Omoroi Estate Success Story: AI House Search As A Product Sprint
Omoroi Estate is a public product example from Urbano DX: a real estate search experience where users can describe what they want in plain language and see structured filters with map-based results.
The product is useful as a proof asset because it is not a slide or a concept mockup. It shows how a narrow product idea can become a working web application with AI-assisted search behavior and a clear user workflow.
You can open the live product here: omoroiestate.com.
The Product Problem
Traditional property search often starts with rigid filters. That works when users already know exactly what they want, but it is less useful when the search starts as a sentence:
"A quiet family home near transit"
"Something with a garden and easy access to the city"
"A modern apartment with good light and a practical commute"
Omoroi Estate explores that gap by using natural-language input to generate structured search intent. The important product question is simple: can AI make the first search step feel closer to how buyers actually think?
The technical question underneath it is just as important: how can the model's interpretation be made visible, so the user trusts the result without being asked to trust the model itself? The answer in Omoroi Estate is structured intent rendered as editable filter chips above the results, with the same query language available to both the AI parser and any hand-built control.
What Was Built
The sprint shape is similar to the kind of product work Urbano DX sells to Japan B2B teams: identify one user workflow, build the interface, connect the core logic, and make the output visible enough to test.
The public product surface includes:
Natural-language home search
AI-generated filters
Interactive map results
A focused web app experience
A product surface that can be iterated after user feedback
The architecture underneath is intentionally familiar:
Frontend. Next.js with TypeScript. The search input is one component; the chip filter bar is another; the result list and the map share the same query state.
Parser. A small server-side service that takes free text and returns a structured `ParsedQuery` validated against a JSON schema. The LLM is called once per query, with a strict output contract and a single repair pass on validation failure.
Search. Deterministic queries against a Postgres index of listings, with sort and ranking computed from the same `ParsedQuery` chips the user sees.
State.
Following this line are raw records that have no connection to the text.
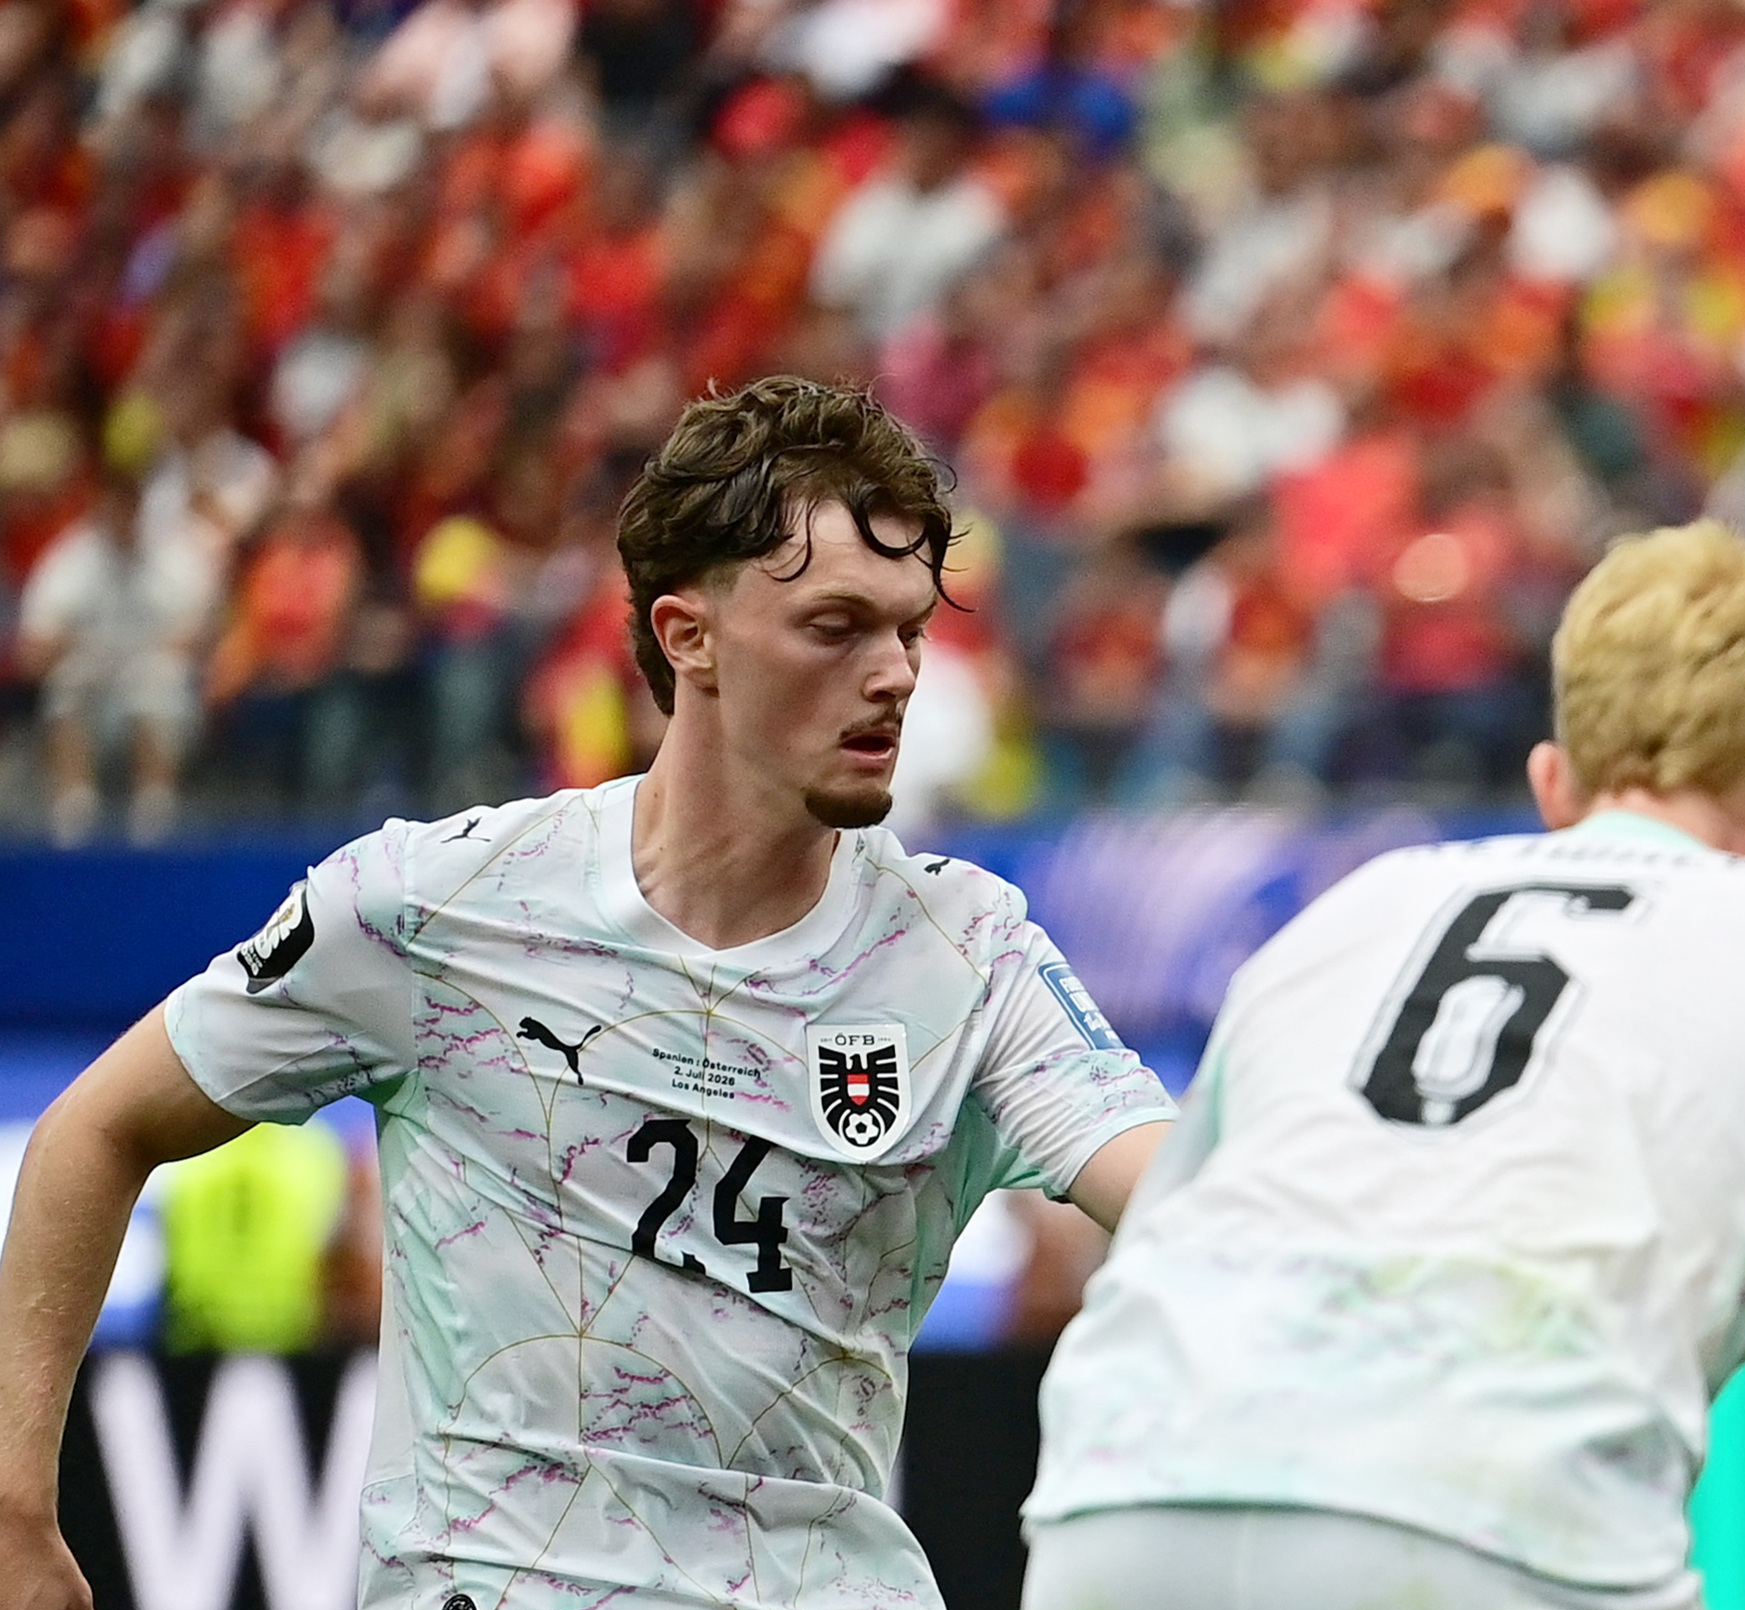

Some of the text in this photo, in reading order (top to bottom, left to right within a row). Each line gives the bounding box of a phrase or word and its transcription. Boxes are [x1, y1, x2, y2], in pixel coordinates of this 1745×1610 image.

[1353, 880, 1638, 1127] 6
[652, 1048, 694, 1066] Spanien
[671, 1078, 735, 1099] Los Angeles
[685, 1069, 705, 1081] Juli
[707, 1072, 735, 1087] 2026
[626, 1118, 793, 1293] 24
Every search is logged with the original text, the parsed query, the user's chip edits, the number of results, and the click-throughs. That log is the dataset for the next sprint.
The value is not only the AI step. The value is the full path from messy user intent to a usable software workflow. The AI takes one slice of the experience; the rest is normal product engineering done deliberately.
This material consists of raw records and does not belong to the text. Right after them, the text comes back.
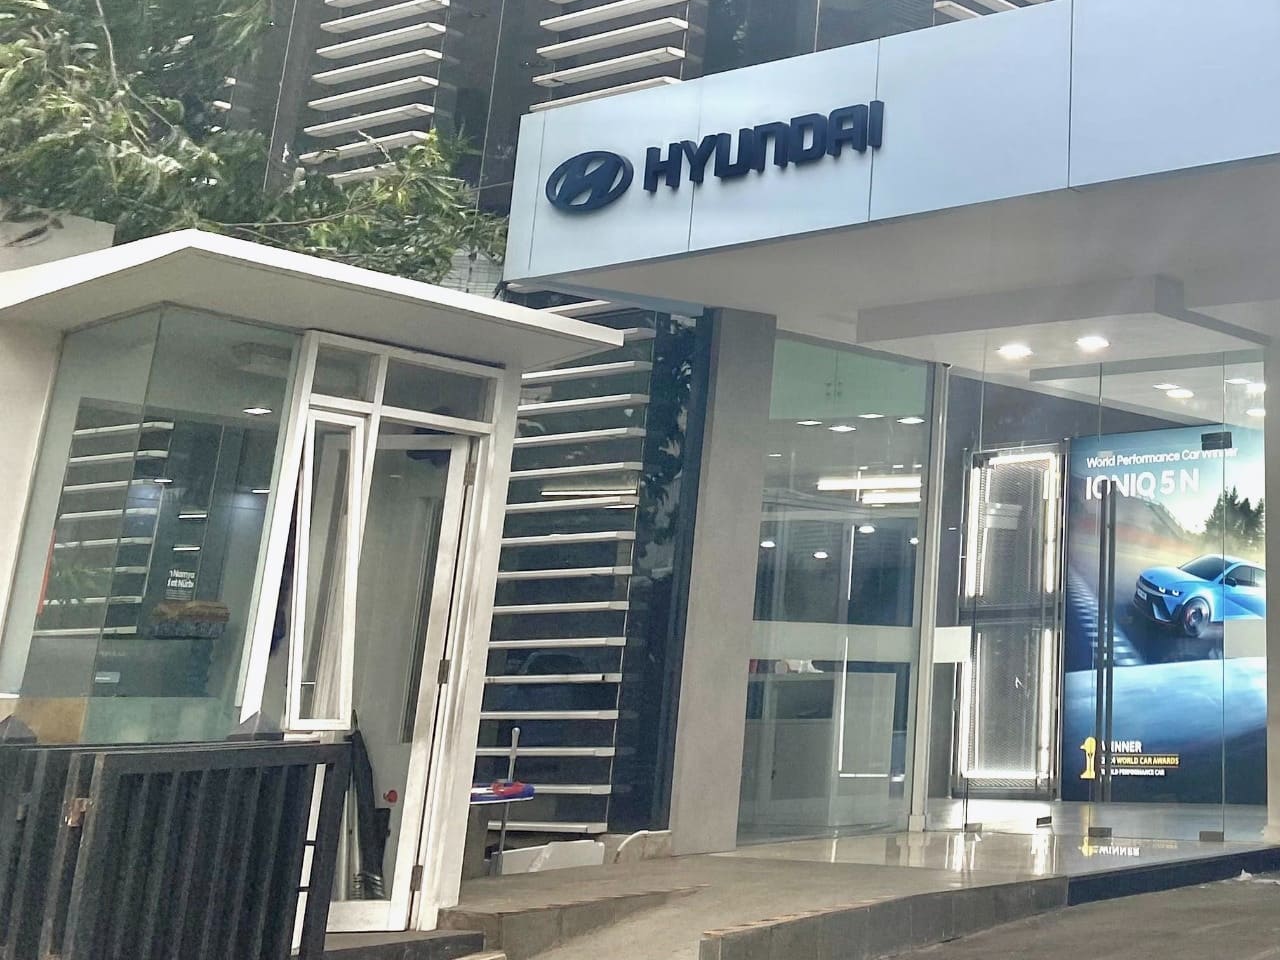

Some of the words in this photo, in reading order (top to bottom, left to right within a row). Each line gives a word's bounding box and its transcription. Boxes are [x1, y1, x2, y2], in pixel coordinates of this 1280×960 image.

[643, 100, 885, 193] HYUNDAI
[1087, 454, 1116, 469] World
[1117, 451, 1180, 466] Performance
[1181, 449, 1200, 460] Car
[1085, 472, 1157, 500] IONIQ
[1160, 470, 1175, 495] 5
[1180, 468, 1200, 494] N
[1116, 756, 1139, 765] WORLD
[1139, 756, 1152, 765] CAR
[1152, 756, 1180, 765] AWARDS
Why This Matters For B2B Buyers
Most useful AI products are not standalone chatbots. They are narrow workflows where AI helps translate messy input into structured action.
That same pattern applies to support triage, document intake, knowledge search, internal admin tools, CRM workflows, reporting, and product search. The interface matters because users need to trust, correct, and act on the output. The structure that makes Omoroi Estate work transfers directly:
A free-text input that does not pretend to be a conversation.
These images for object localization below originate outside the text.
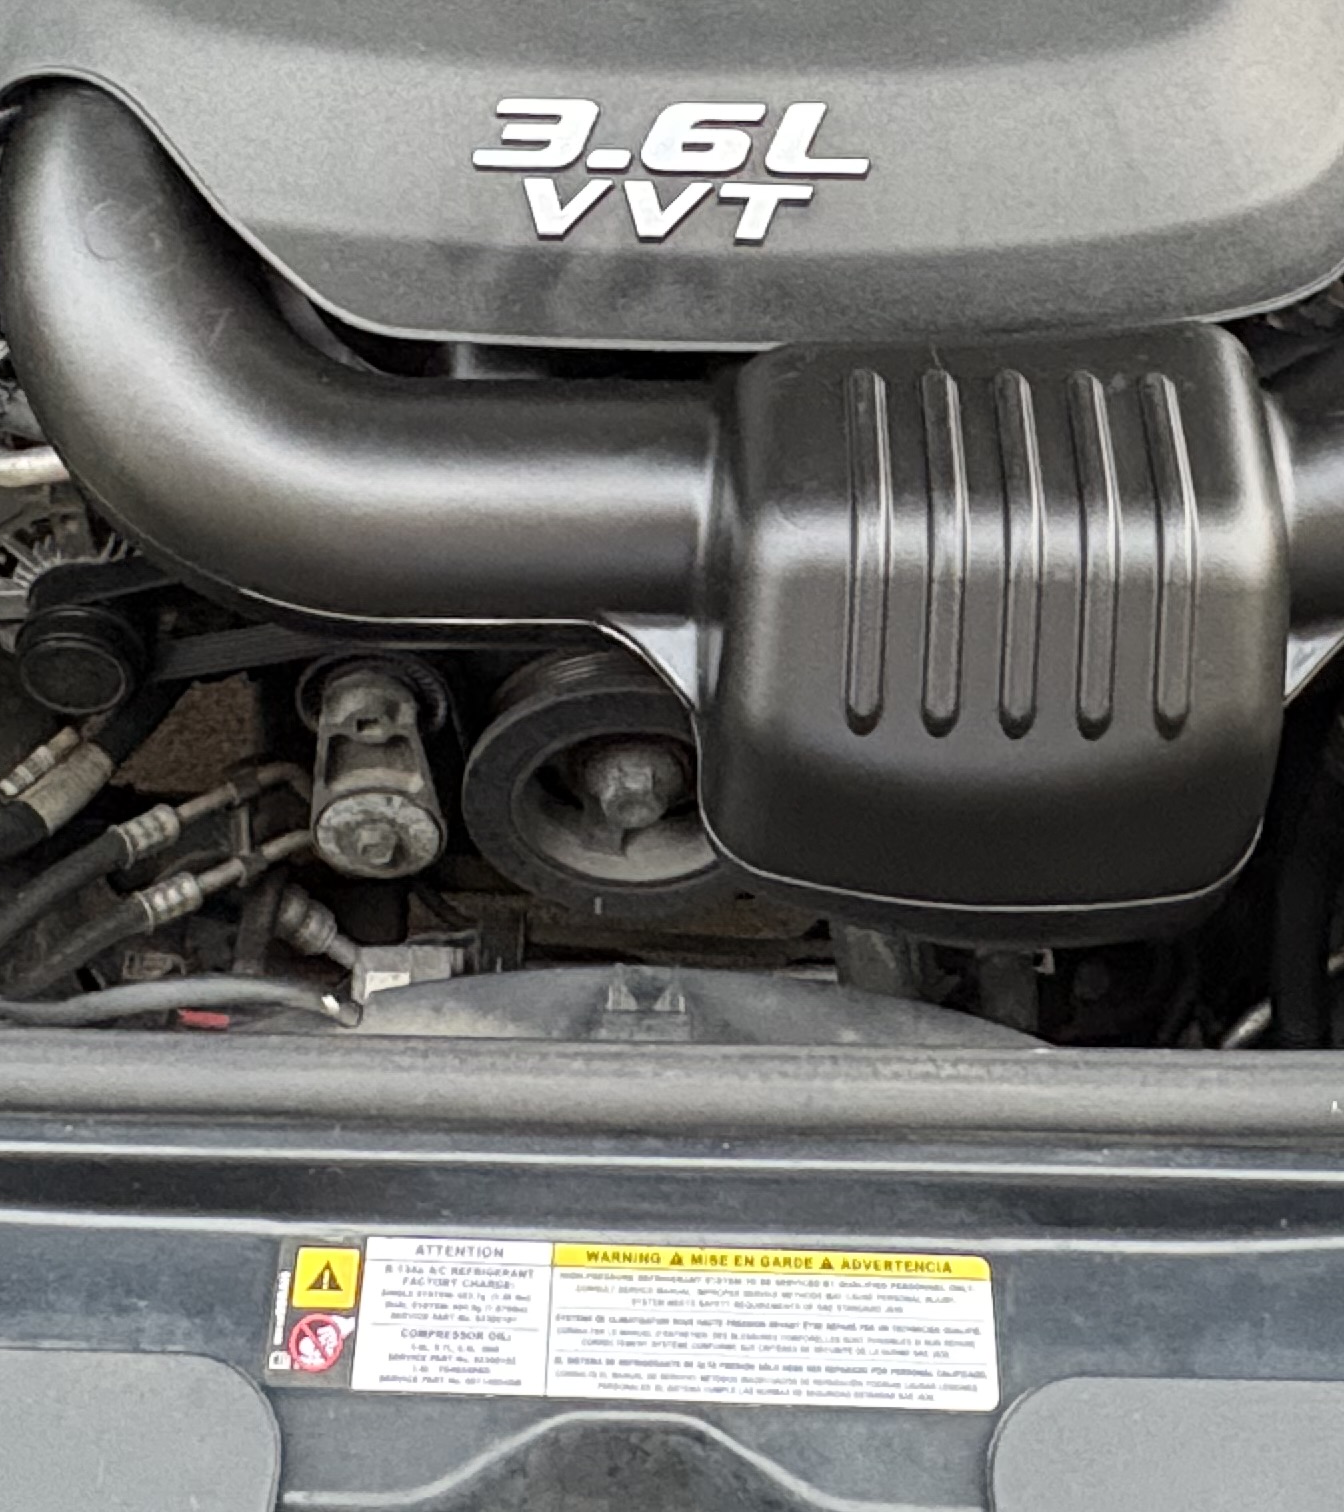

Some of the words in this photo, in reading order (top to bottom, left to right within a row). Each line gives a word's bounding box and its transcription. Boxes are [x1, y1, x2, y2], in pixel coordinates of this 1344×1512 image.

[471, 96, 872, 177] 3.6L
[521, 176, 814, 245] VVT
[414, 1244, 505, 1259] ATTENTION
[586, 1250, 661, 1265] WARNING
[690, 1253, 729, 1267] MISE
[734, 1254, 756, 1268] EN
[760, 1255, 814, 1270] GARDE
[840, 1257, 953, 1274] ADVERTENCIA
[451, 1267, 535, 1280] REFRIGERANT
A structured intermediate representation the user can see.
Editable controls bound to that representation.
A deterministic execution step that the model does not touch.
A result surface designed for comparison, not generation.
The same architecture moves a support inbox from a chatbot demo to a working triage queue. It moves a knowledge search from a fluent answer to a cited recommendation. It moves a procurement search from a chat thread to a comparable RFQ shortlist. The difference between "AI feature" and "AI product" is whether that intermediate representation exists and whether the user can edit it.
What The Story Proves
Omoroi Estate is a concrete example of senior-led product delivery:
Start with one high-friction user journey
Build the app surface around the decision
Use AI where it improves the workflow
Keep outputs visible and testable
Leave room for iteration after the first launch
That is the same discipline behind a good paid PoC or MVP sprint. The first version should prove the product path, not pretend to be the entire platform. For B2B buyers evaluating whether to commission a sprint with Urbano DX, the live product is the most honest reference available: a working, public example of the architecture and design discipline applied end to end.